Domande tardive di crediti

Dispositivo dell'art. 101 Legge fallimentare

(1) Le domande di ammissione al passivo di un credito, di restituzione o rivendicazione di beni mobili e immobili, trasmesse al curatore (2) oltre il termine di trenta giorni prima dell'udienza fissata per la verifica del passivo e non oltre quello di dodici mesi dal deposito del decreto di esecutività dello stato passivo sono considerate tardive (3); in caso di particolare complessità della procedura, il tribunale, con la sentenza che dichiara il fallimento, può prorogare quest'ultimo termine fino a diciotto mesi.

Il procedimento di accertamento delle domande tardive si svolge nelle stesse forme di cui all'articolo 95. Il giudice delegato fissa per l'esame delle domande tardive un'udienza ogni quattro mesi [110], salvo che sussistano motivi d'urgenza (4). Il curatore dà avviso a coloro che hanno presentato la domanda, della data dell'udienza. Si applicano le disposizioni di cui agli articoli da 93 a 99.

Il creditore ha diritto di concorrere sulle somme già distribuite nei limiti di quanto stabilito nell'articolo 112. Il titolare di diritti su beni mobili o immobili, se prova che il ritardo è dipeso da causa non imputabile, può chiedere che siano sospese le attività di liquidazione del bene sino all'accertamento del diritto.

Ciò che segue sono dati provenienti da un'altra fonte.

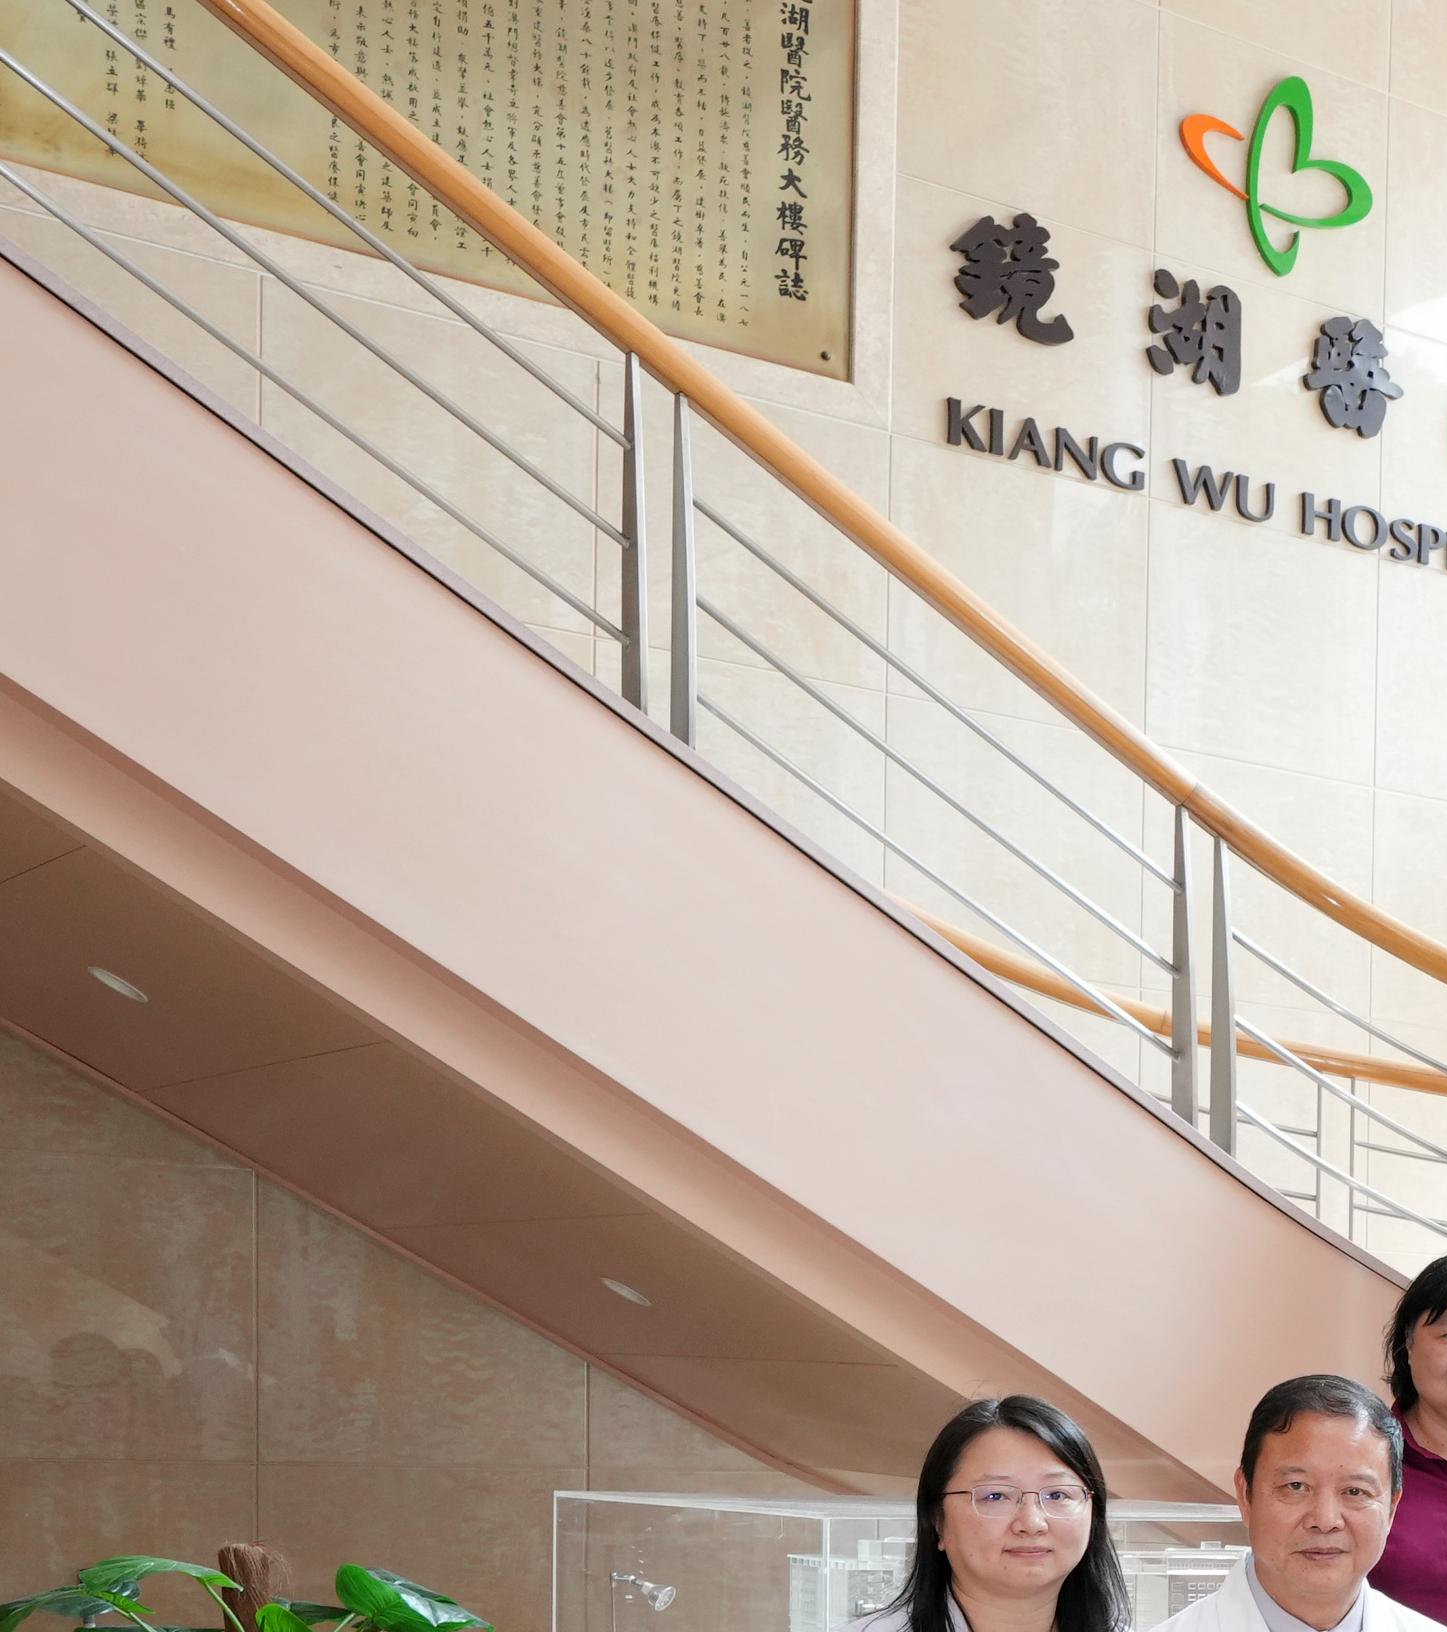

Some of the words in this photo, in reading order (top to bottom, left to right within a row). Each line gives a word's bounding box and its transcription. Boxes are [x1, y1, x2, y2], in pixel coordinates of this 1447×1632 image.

[775, 0, 814, 301] 湖醫院醫務大樓碑誌
[946, 397, 1145, 492] KIANG
[1172, 457, 1276, 523] WU

Decorso il termine di cui al primo comma, e comunque fino a quando non siano esaurite tutte le ripartizioni dell'attivo fallimentare, le domande tardive sono ammissibili se l'istante prova che il ritardo è dipeso da causa a lui non imputabile.

Note

(1) Articolo così sostituito dal d.lgs. 5/2006.
(2) Il D.L. 18 ottobre 2012, n. 179, convertito con legge 17 dicembre 2012, n. 221 ha sostituito le parole "depositate in cancelleria" con "trasmesse al curatore". Oggi, infatti, ogni domanda di ammissione al passivo (anche tempestiva) va indirizzata al curatore.
(3) Per poter essere ammesse come tardive, deve trattarsi di domande nuove rispetto a quelle già presentate ed escluse, sia sotto il profilo del petitum che della causa petendi.
Quanto al termine introdotto dalla riforma del 2006, si osserva che oggi la domanda di ammissione tardiva deve essere proposta entro 12 mesi, prorogabili fino a 18, dal deposito del decreto di esecutività, mentre in precedenza poteva essere proposta fino all'esaurimento delle operazioni di riparto.
(4) Comma così modificato con d.lgs. 169/2007.
La cadenza prevista dall'articolo (quattro mesi) può essere modificata dal giudice delegato se vi sono motivi di urgenza, di solito legati all'imminenza di un riparto.

Rel. ill. riforma fall. 2007

(Relazione Illustrativa al decreto legislativo 12 Settembre 2007, n. 169)

6 L’articolo 6 del decreto legislativo, reca disposizioni correttive del Titolo II, Capo V della legge fallimentare.
Il comma 5 inserisce nell’articolo 101, secondo comma, del r.d. un nuovo periodo dopo il primo ("Il giudice delegato fissa per l’esame delle domande tardive un’udienza ogni quattro mesi, salvo che sussistano motivi d’urgenza") allo scopo di meglio disciplinare l’esame delle domande tardive. La cadenza quadrimestrale è in parallelo con quella, pure quadrimestrale, stabilita per i riparti parziali dall’art. 110, primo comma.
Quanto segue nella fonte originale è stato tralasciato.